EX-5.1 2 c86872exv5w1.htm OPINION OF JEFFERY L. KLINGER exv5w1
 

EXHIBIT 5.1

[LETTERHEAD OF PEABODY ENERGY CORPORATION]

July 26, 2004

Peabody Energy Corporation
701 Market Street
St. Louis, Missouri 63101-1826

Re: Peabody Energy Corporation Registration Statement on Form S-8

Ladies and Gentlemen:

I am Vice President - Legal Services and Assistant Secretary of Peabody Energy Corporation, a Delaware corporation (the “Company”), and am giving this opinion in connection with the preparation of a registration statement on Form S-8 (the “Registration Statement”) under the Securities Act of 1933, as amended (the “Act”), to be filed with the Securities and Exchange Commission (the “Commission”) on July     , 2004 in connection with the registration under the Act of an aggregate of three million five hundred thousand (3,500,000) shares of Common Stock, par value $0.01 per share, of the Company (collectively, the “Shares”) and the same number of associated preferred share purchase rights issuable from time to time upon exercise of options granted pursuant to the Peabody Energy Corporation 2004 Long-Term Equity Incentive Plan (the “Plan”).

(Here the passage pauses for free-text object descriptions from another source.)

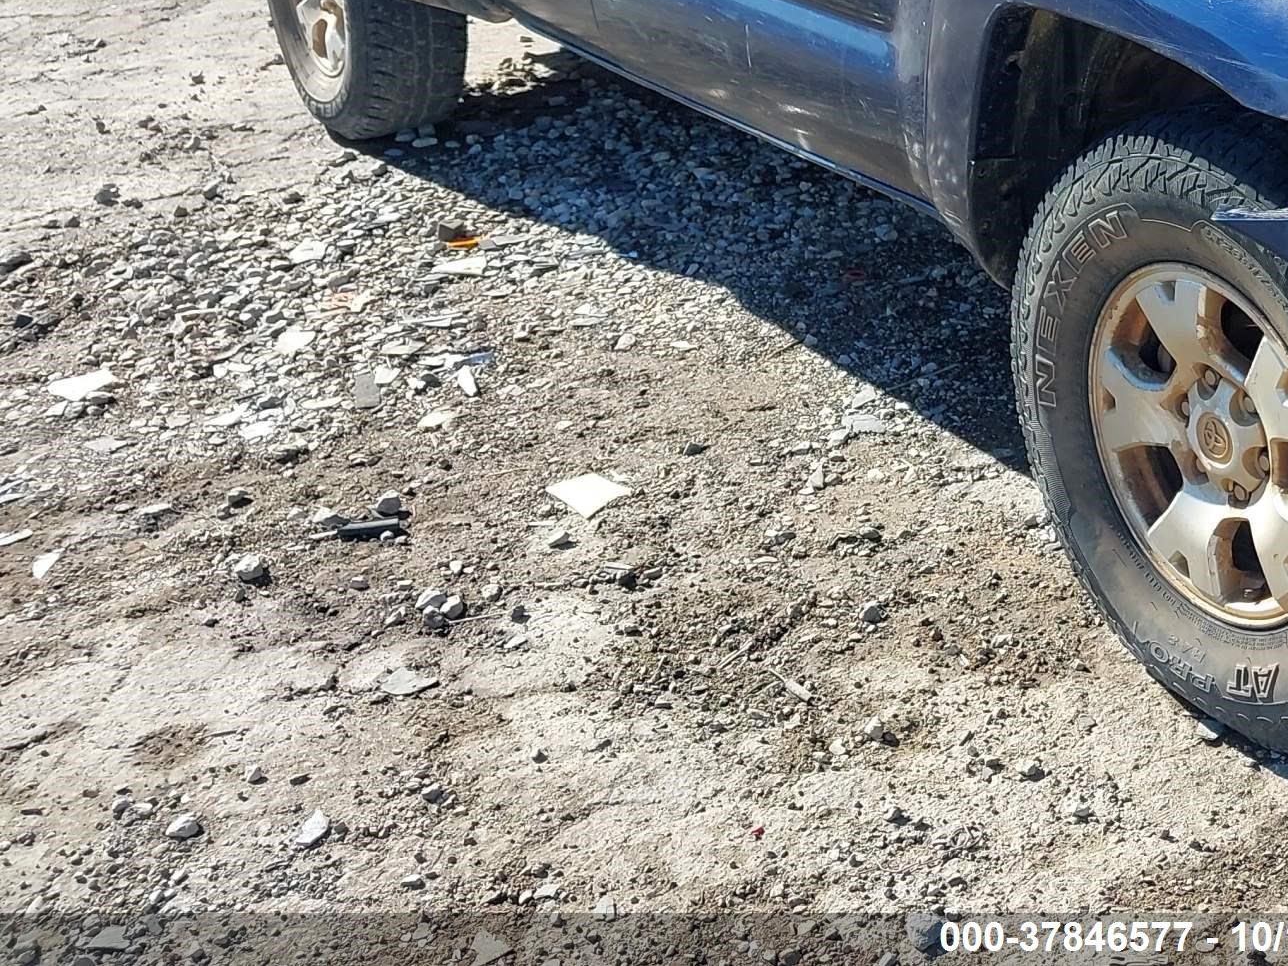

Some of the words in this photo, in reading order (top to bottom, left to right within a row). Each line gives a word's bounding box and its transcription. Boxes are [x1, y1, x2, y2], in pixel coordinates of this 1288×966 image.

[1035, 210, 1128, 408] NEXEN
[1149, 640, 1216, 693] PRO
[1226, 662, 1280, 702] AT
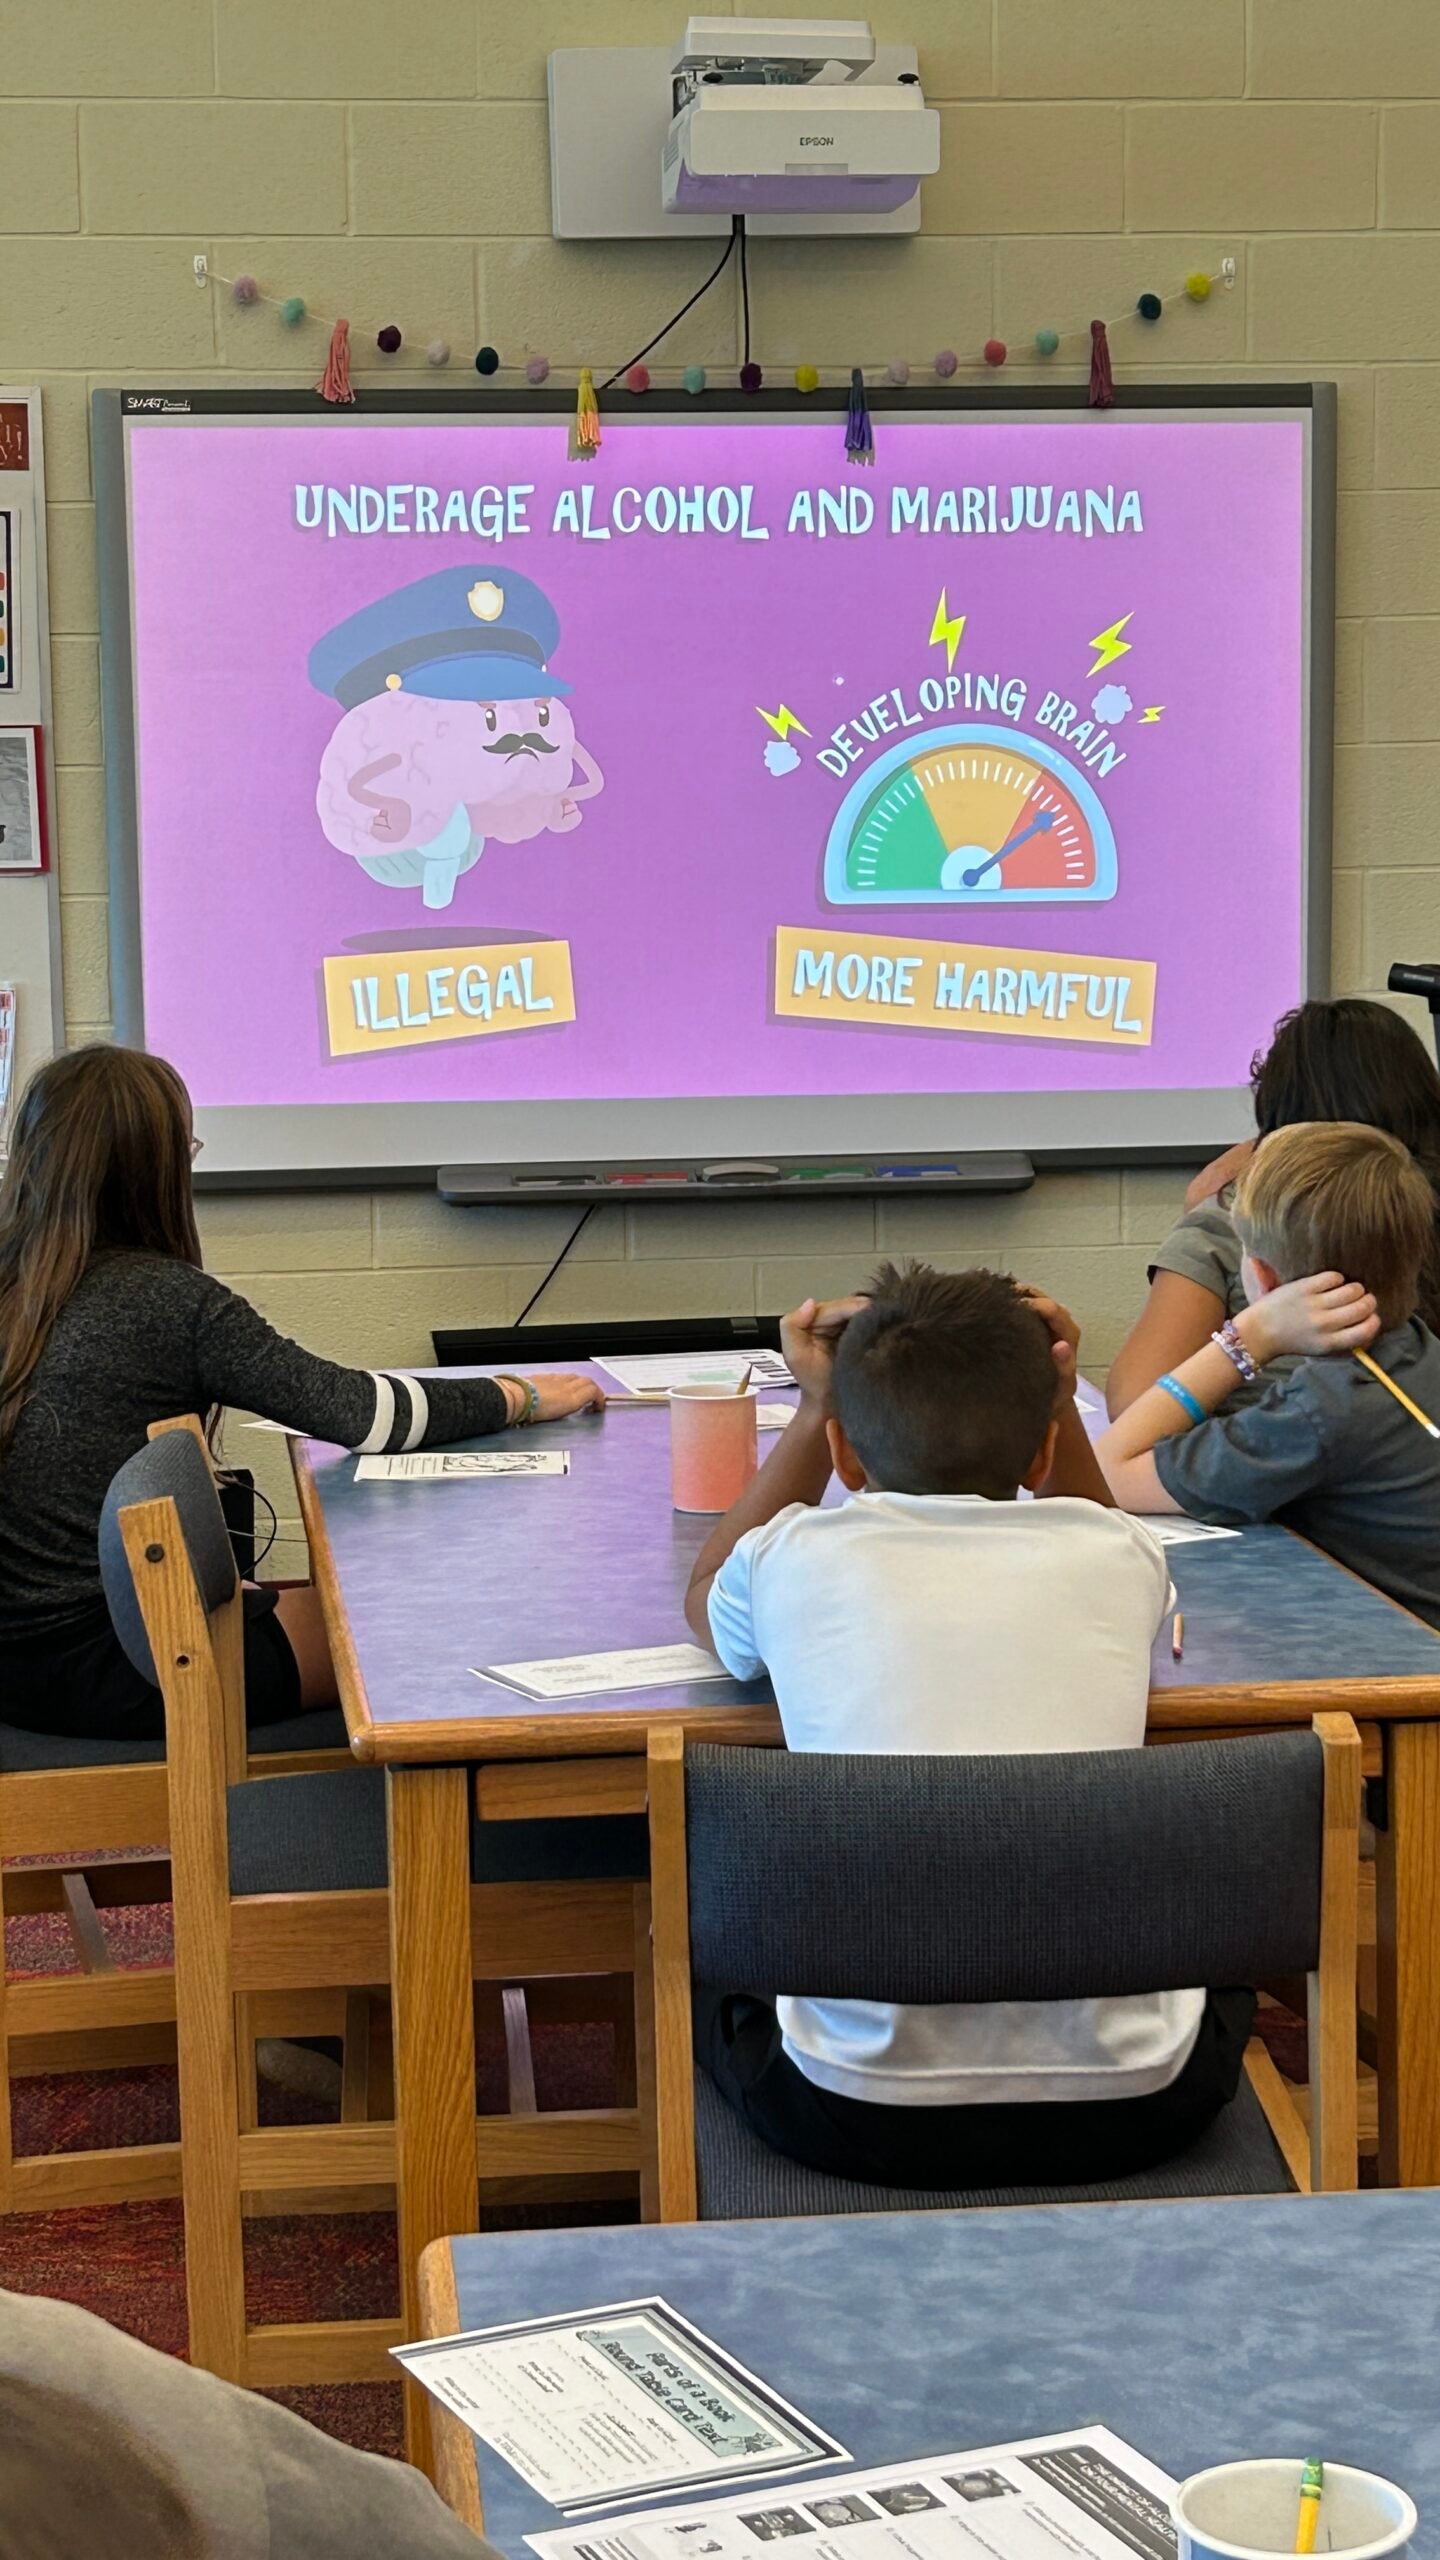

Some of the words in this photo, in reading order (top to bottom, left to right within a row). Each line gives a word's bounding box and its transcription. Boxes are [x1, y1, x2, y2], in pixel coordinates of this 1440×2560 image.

[799, 136, 834, 146] EPSON
[127, 397, 163, 408] SMART
[294, 483, 534, 542] UNDERAGE
[552, 484, 769, 540] ALCOHOL
[787, 485, 874, 538] AND
[891, 485, 1144, 538] MARIJUANA
[816, 673, 1027, 778] DEVELOPING
[1034, 691, 1127, 778] BRAIN
[351, 957, 554, 1030] ILLEGAL
[793, 949, 923, 1005] MORE
[934, 962, 1142, 1032] HARMFUL
[601, 2341, 645, 2371] Round
[635, 2370, 671, 2397] Table
[665, 2398, 703, 2423] Card
[646, 2352, 683, 2378] Parts
[677, 2379, 700, 2391] of
[690, 2390, 706, 2398] a
[699, 2398, 736, 2423] Book

In connection herewith I have examined the Registration Statement, originals or copies, certified or otherwise identified to my satisfaction, of the Third Amended and Restated Certificate of Incorporation and the Amended and Restated By-laws of the Company and such other corporate records, agreements and instruments of the Company, certificates of public officials and officers of the Company, and such other documents, records and instruments, and I have made certain legal and factual inquiries, as I deemed necessary or appropriate to render the opinions hereinafter expressed. In my examination of the foregoing, I assumed the genuineness of all signatures, the legal competence and capacity of natural persons, the authenticity of documents submitted to us as originals and the conformity with authentic original documents of all documents submitted to me as copies. When relevant facts were not independently established, I relied without independent investigation as to matters of fact upon statements and certificates of appropriate officers and representatives of the Company.

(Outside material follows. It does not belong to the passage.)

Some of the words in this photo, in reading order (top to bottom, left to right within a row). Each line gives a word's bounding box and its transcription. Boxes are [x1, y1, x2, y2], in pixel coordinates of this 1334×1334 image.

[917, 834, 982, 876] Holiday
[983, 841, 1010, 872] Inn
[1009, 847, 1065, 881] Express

Based on the foregoing and in reliance thereon, and subject to the assumptions, comments, qualifications, limitations and exceptions set forth herein, and upon my review of applicable statutes and case law, I am of the opinion that the Shares, after the Registration Statement becomes effective and after any post effective amendment required by law is duly completed, filed and becomes effective, and when the applicable provisions of “Blue Sky” and other state securities laws shall have been complied with, and when the Shares are issued and sold in accordance with the Plan and the Form S 8 prospectus to be delivered to the holders of the options, will be validly issued, fully paid and non assessable.

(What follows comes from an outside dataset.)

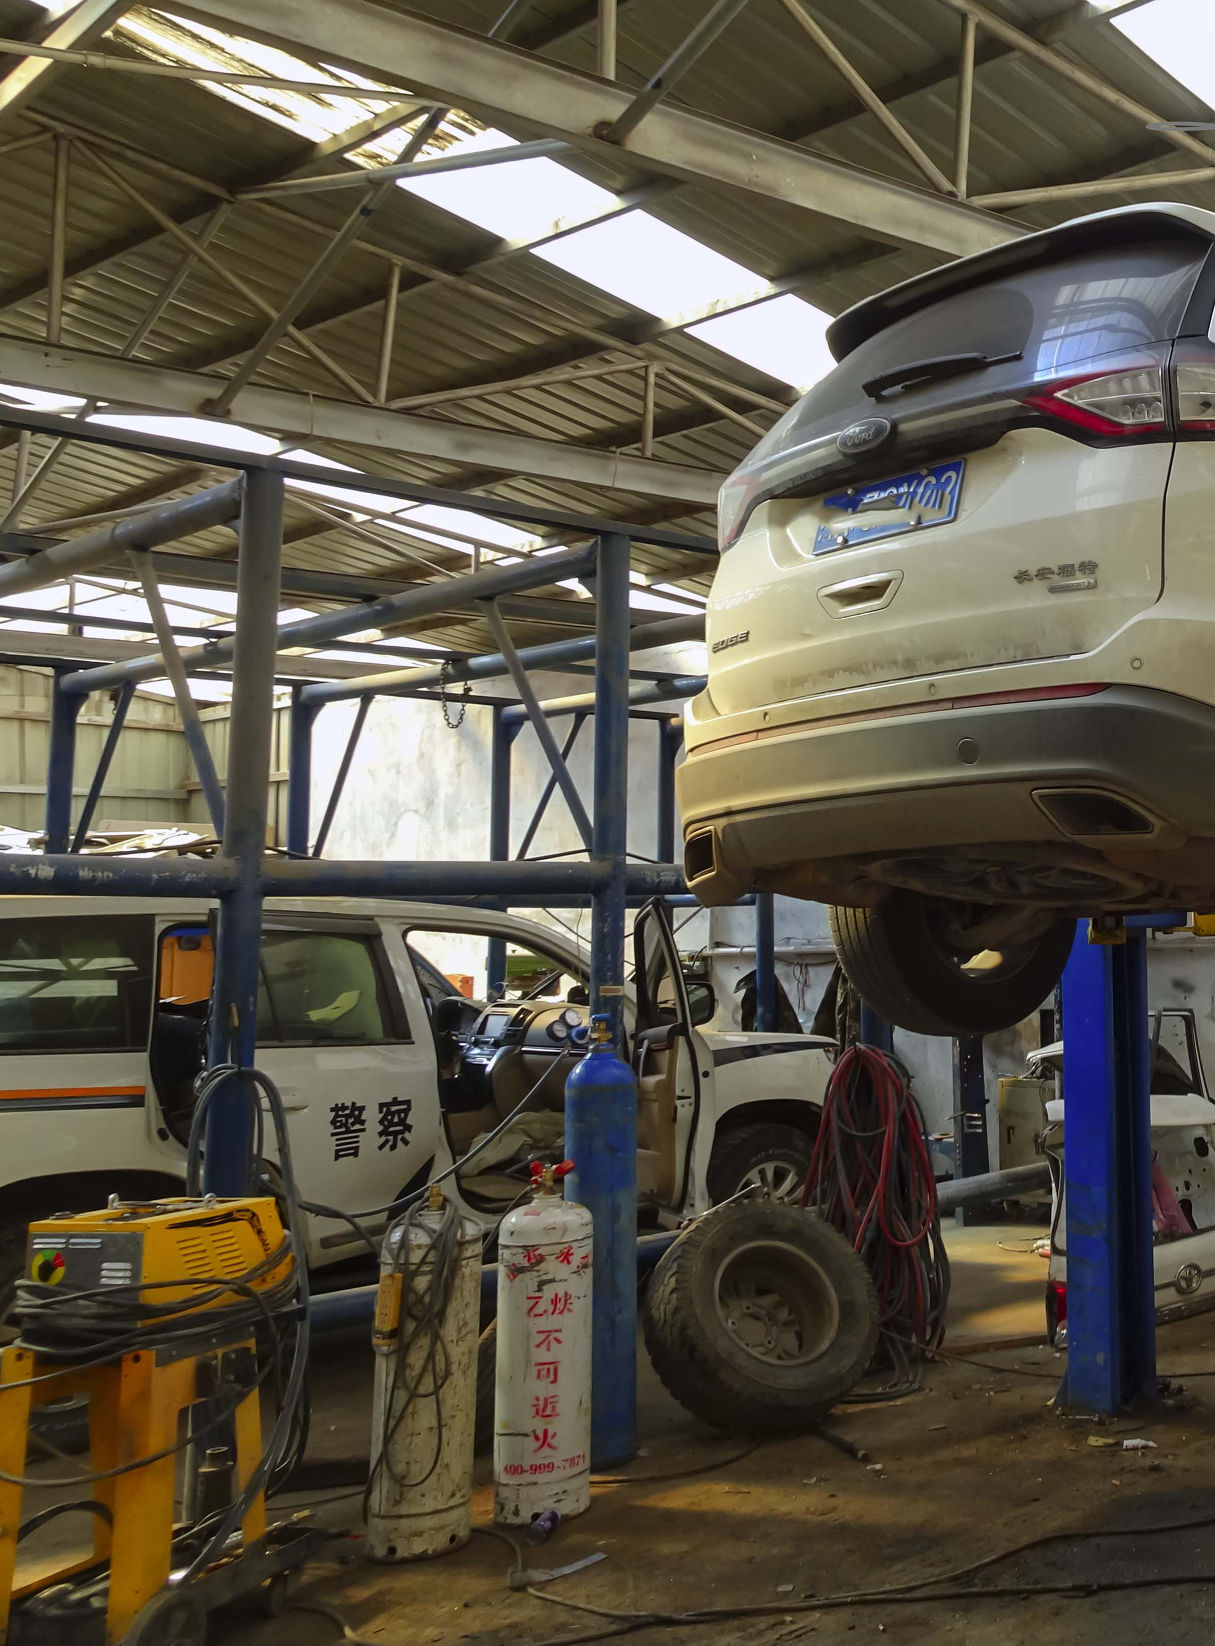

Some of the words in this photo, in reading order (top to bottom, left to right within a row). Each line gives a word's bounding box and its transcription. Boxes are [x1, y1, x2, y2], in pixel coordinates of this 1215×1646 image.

[1013, 560, 1099, 585] 长安福特
[711, 630, 750, 654] EDGE
[330, 1096, 413, 1161] 警察
[532, 1328, 562, 1454] 不可近火

The opinions expressed herein are rendered solely for your benefit in accordance with the subject transaction and are not to be otherwise used, circulated, quoted or referred to without my prior written consent. The opinions reflect only the application of the Federal laws of the United States and, to the extent required by the foregoing opinions, the General Corporation Law of the State of Delaware. The opinions set forth herein are made as of the date hereof and are subject to, and may be limited by, future changes in the factual matters

 


 

set forth herein, and I undertake no duty to advise you of the same. The opinions are based upon the law in effect (and published or otherwise generally available) on the date hereof, and I assume no obligation to revise or supplement these opinions should such law be changed by legislative action, judicial decision or otherwise. In rendering my opinions, I have not considered, and hereby disclaim any opinion as to, the application or impact of any laws, cases, decisions, rules or regulations of any other jurisdiction, court or administrative agency.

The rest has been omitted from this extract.